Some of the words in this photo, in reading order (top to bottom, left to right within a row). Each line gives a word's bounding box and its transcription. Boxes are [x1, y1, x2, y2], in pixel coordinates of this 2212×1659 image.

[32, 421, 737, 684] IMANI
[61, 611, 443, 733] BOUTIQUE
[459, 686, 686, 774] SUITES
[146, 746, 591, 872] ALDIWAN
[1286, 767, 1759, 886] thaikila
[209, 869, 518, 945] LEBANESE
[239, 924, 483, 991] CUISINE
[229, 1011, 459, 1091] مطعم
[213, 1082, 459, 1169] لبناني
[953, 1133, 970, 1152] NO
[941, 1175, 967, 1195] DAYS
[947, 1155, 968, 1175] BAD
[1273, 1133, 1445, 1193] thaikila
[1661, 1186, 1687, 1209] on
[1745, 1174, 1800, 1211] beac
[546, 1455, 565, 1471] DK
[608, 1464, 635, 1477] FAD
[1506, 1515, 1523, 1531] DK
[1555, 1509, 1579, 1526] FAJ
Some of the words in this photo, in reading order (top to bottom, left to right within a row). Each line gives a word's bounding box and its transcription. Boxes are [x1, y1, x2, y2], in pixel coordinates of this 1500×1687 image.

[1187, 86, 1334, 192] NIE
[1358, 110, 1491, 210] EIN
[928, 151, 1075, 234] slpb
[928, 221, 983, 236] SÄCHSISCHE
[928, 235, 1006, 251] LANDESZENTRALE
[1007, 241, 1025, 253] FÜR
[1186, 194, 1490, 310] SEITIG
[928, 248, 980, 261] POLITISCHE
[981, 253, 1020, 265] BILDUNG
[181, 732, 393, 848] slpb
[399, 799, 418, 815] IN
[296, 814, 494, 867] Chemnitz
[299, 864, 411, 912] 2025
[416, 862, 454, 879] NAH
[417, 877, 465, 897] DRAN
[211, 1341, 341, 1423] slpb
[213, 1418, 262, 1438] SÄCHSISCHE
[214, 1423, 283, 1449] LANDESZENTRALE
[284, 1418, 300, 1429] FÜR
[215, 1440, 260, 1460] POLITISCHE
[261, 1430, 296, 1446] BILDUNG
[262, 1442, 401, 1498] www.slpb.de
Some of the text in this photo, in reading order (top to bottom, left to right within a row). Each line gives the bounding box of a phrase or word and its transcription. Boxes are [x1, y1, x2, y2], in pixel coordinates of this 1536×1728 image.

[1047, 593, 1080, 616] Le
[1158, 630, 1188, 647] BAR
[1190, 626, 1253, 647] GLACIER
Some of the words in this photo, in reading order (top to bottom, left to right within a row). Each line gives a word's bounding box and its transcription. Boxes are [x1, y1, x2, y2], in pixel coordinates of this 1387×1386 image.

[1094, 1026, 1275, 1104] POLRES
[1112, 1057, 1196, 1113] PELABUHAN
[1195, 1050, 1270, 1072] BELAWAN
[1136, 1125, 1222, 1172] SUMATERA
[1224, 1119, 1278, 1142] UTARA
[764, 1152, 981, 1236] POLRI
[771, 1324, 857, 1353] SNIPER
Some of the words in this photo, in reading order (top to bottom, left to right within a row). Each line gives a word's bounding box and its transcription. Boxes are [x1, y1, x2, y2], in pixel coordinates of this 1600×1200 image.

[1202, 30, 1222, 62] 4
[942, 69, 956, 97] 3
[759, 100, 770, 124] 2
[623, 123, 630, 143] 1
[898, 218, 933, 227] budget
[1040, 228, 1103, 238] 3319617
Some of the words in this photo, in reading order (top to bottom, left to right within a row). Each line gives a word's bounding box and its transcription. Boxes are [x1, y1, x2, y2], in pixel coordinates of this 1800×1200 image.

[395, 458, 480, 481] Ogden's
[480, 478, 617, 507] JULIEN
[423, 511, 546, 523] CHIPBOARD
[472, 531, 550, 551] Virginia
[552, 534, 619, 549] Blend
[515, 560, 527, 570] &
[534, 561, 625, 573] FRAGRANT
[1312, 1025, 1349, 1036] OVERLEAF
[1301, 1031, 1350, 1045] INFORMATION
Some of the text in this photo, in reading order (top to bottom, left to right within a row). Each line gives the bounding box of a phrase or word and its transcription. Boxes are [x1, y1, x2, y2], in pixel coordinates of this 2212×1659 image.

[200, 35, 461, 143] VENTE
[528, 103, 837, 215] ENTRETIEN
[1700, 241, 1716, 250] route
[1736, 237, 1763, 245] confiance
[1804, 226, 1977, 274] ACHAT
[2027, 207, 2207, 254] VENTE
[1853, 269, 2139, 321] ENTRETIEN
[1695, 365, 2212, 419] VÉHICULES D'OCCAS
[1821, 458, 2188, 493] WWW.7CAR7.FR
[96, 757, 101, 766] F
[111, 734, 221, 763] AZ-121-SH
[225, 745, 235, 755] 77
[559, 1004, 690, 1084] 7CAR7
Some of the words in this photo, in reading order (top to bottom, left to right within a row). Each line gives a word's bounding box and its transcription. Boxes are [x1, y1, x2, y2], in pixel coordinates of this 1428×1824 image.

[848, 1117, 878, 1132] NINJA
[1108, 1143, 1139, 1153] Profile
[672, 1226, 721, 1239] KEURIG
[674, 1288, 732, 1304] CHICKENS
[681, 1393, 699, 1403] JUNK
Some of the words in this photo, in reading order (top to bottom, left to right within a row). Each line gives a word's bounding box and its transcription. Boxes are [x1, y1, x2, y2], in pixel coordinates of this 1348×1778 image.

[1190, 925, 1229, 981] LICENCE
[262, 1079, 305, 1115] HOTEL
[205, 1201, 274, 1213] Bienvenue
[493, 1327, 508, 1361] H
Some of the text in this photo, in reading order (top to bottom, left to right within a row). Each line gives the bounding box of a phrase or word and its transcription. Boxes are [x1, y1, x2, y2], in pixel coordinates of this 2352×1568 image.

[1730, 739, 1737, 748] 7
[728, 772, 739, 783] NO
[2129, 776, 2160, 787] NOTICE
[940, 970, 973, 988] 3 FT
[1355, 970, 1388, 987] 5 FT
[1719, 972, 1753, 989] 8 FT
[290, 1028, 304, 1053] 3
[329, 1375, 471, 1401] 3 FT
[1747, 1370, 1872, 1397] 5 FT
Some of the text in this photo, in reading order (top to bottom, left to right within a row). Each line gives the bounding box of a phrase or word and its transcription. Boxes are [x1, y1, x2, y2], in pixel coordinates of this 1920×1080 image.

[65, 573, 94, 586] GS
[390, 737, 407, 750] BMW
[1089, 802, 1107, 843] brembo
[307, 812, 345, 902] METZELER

# To do
Transcribe all the material, keeping each word as it is.

# Output for this task
Some of the words in this photo, in reading order (top to bottom, left to right within a row). Each line gives a word's bounding box and its transcription. Boxes are [x1, y1, x2, y2], in pixel coordinates of this 2212×1659 image.

[32, 421, 737, 684] IMANI
[61, 611, 443, 733] BOUTIQUE
[459, 686, 686, 774] SUITES
[146, 746, 591, 872] ALDIWAN
[1286, 767, 1759, 886] thaikila
[209, 869, 518, 945] LEBANESE
[239, 924, 483, 991] CUISINE
[229, 1011, 459, 1091] مطعم
[213, 1082, 459, 1169] لبناني
[953, 1133, 970, 1152] NO
[941, 1175, 967, 1195] DAYS
[947, 1155, 968, 1175] BAD
[1273, 1133, 1445, 1193] thaikila
[1661, 1186, 1687, 1209] on
[1745, 1174, 1800, 1211] beac
[546, 1455, 565, 1471] DK
[608, 1464, 635, 1477] FAD
[1506, 1515, 1523, 1531] DK
[1555, 1509, 1579, 1526] FAJ
Some of the words in this photo, in reading order (top to bottom, left to right within a row). Each line gives a word's bounding box and its transcription. Boxes are [x1, y1, x2, y2], in pixel coordinates of this 1500×1687 image.

[1187, 86, 1334, 192] NIE
[1358, 110, 1491, 210] EIN
[928, 151, 1075, 234] slpb
[928, 221, 983, 236] SÄCHSISCHE
[928, 235, 1006, 251] LANDESZENTRALE
[1007, 241, 1025, 253] FÜR
[1186, 194, 1490, 310] SEITIG
[928, 248, 980, 261] POLITISCHE
[981, 253, 1020, 265] BILDUNG
[181, 732, 393, 848] slpb
[399, 799, 418, 815] IN
[296, 814, 494, 867] Chemnitz
[299, 864, 411, 912] 2025
[416, 862, 454, 879] NAH
[417, 877, 465, 897] DRAN
[211, 1341, 341, 1423] slpb
[213, 1418, 262, 1438] SÄCHSISCHE
[214, 1423, 283, 1449] LANDESZENTRALE
[284, 1418, 300, 1429] FÜR
[215, 1440, 260, 1460] POLITISCHE
[261, 1430, 296, 1446] BILDUNG
[262, 1442, 401, 1498] www.slpb.de
Some of the text in this photo, in reading order (top to bottom, left to right within a row). Each line gives the bounding box of a phrase or word and its transcription. Boxes are [x1, y1, x2, y2], in pixel coordinates of this 1536×1728 image.

[1047, 593, 1080, 616] Le
[1158, 630, 1188, 647] BAR
[1190, 626, 1253, 647] GLACIER
Some of the words in this photo, in reading order (top to bottom, left to right within a row). Each line gives a word's bounding box and its transcription. Boxes are [x1, y1, x2, y2], in pixel coordinates of this 1387×1386 image.

[1094, 1026, 1275, 1104] POLRES
[1112, 1057, 1196, 1113] PELABUHAN
[1195, 1050, 1270, 1072] BELAWAN
[1136, 1125, 1222, 1172] SUMATERA
[1224, 1119, 1278, 1142] UTARA
[764, 1152, 981, 1236] POLRI
[771, 1324, 857, 1353] SNIPER
Some of the words in this photo, in reading order (top to bottom, left to right within a row). Each line gives a word's bounding box and its transcription. Boxes are [x1, y1, x2, y2], in pixel coordinates of this 1600×1200 image.

[1202, 30, 1222, 62] 4
[942, 69, 956, 97] 3
[759, 100, 770, 124] 2
[623, 123, 630, 143] 1
[898, 218, 933, 227] budget
[1040, 228, 1103, 238] 3319617
Some of the words in this photo, in reading order (top to bottom, left to right within a row). Each line gives a word's bounding box and its transcription. Boxes are [x1, y1, x2, y2], in pixel coordinates of this 1800×1200 image.

[395, 458, 480, 481] Ogden's
[480, 478, 617, 507] JULIEN
[423, 511, 546, 523] CHIPBOARD
[472, 531, 550, 551] Virginia
[552, 534, 619, 549] Blend
[515, 560, 527, 570] &
[534, 561, 625, 573] FRAGRANT
[1312, 1025, 1349, 1036] OVERLEAF
[1301, 1031, 1350, 1045] INFORMATION
Some of the text in this photo, in reading order (top to bottom, left to right within a row). Each line gives the bounding box of a phrase or word and its transcription. Boxes are [x1, y1, x2, y2], in pixel coordinates of this 2212×1659 image.

[200, 35, 461, 143] VENTE
[528, 103, 837, 215] ENTRETIEN
[1700, 241, 1716, 250] route
[1736, 237, 1763, 245] confiance
[1804, 226, 1977, 274] ACHAT
[2027, 207, 2207, 254] VENTE
[1853, 269, 2139, 321] ENTRETIEN
[1695, 365, 2212, 419] VÉHICULES D'OCCAS
[1821, 458, 2188, 493] WWW.7CAR7.FR
[96, 757, 101, 766] F
[111, 734, 221, 763] AZ-121-SH
[225, 745, 235, 755] 77
[559, 1004, 690, 1084] 7CAR7
Some of the words in this photo, in reading order (top to bottom, left to right within a row). Each line gives a word's bounding box and its transcription. Boxes are [x1, y1, x2, y2], in pixel coordinates of this 1428×1824 image.

[848, 1117, 878, 1132] NINJA
[1108, 1143, 1139, 1153] Profile
[672, 1226, 721, 1239] KEURIG
[674, 1288, 732, 1304] CHICKENS
[681, 1393, 699, 1403] JUNK
Some of the words in this photo, in reading order (top to bottom, left to right within a row). Each line gives a word's bounding box and its transcription. Boxes are [x1, y1, x2, y2], in pixel coordinates of this 1348×1778 image.

[1190, 925, 1229, 981] LICENCE
[262, 1079, 305, 1115] HOTEL
[205, 1201, 274, 1213] Bienvenue
[493, 1327, 508, 1361] H
Some of the text in this photo, in reading order (top to bottom, left to right within a row). Each line gives the bounding box of a phrase or word and its transcription. Boxes are [x1, y1, x2, y2], in pixel coordinates of this 2352×1568 image.

[1730, 739, 1737, 748] 7
[728, 772, 739, 783] NO
[2129, 776, 2160, 787] NOTICE
[940, 970, 973, 988] 3 FT
[1355, 970, 1388, 987] 5 FT
[1719, 972, 1753, 989] 8 FT
[290, 1028, 304, 1053] 3
[329, 1375, 471, 1401] 3 FT
[1747, 1370, 1872, 1397] 5 FT
Some of the text in this photo, in reading order (top to bottom, left to right within a row). Each line gives the bounding box of a phrase or word and its transcription. Boxes are [x1, y1, x2, y2], in pixel coordinates of this 1920×1080 image.

[65, 573, 94, 586] GS
[390, 737, 407, 750] BMW
[1089, 802, 1107, 843] brembo
[307, 812, 345, 902] METZELER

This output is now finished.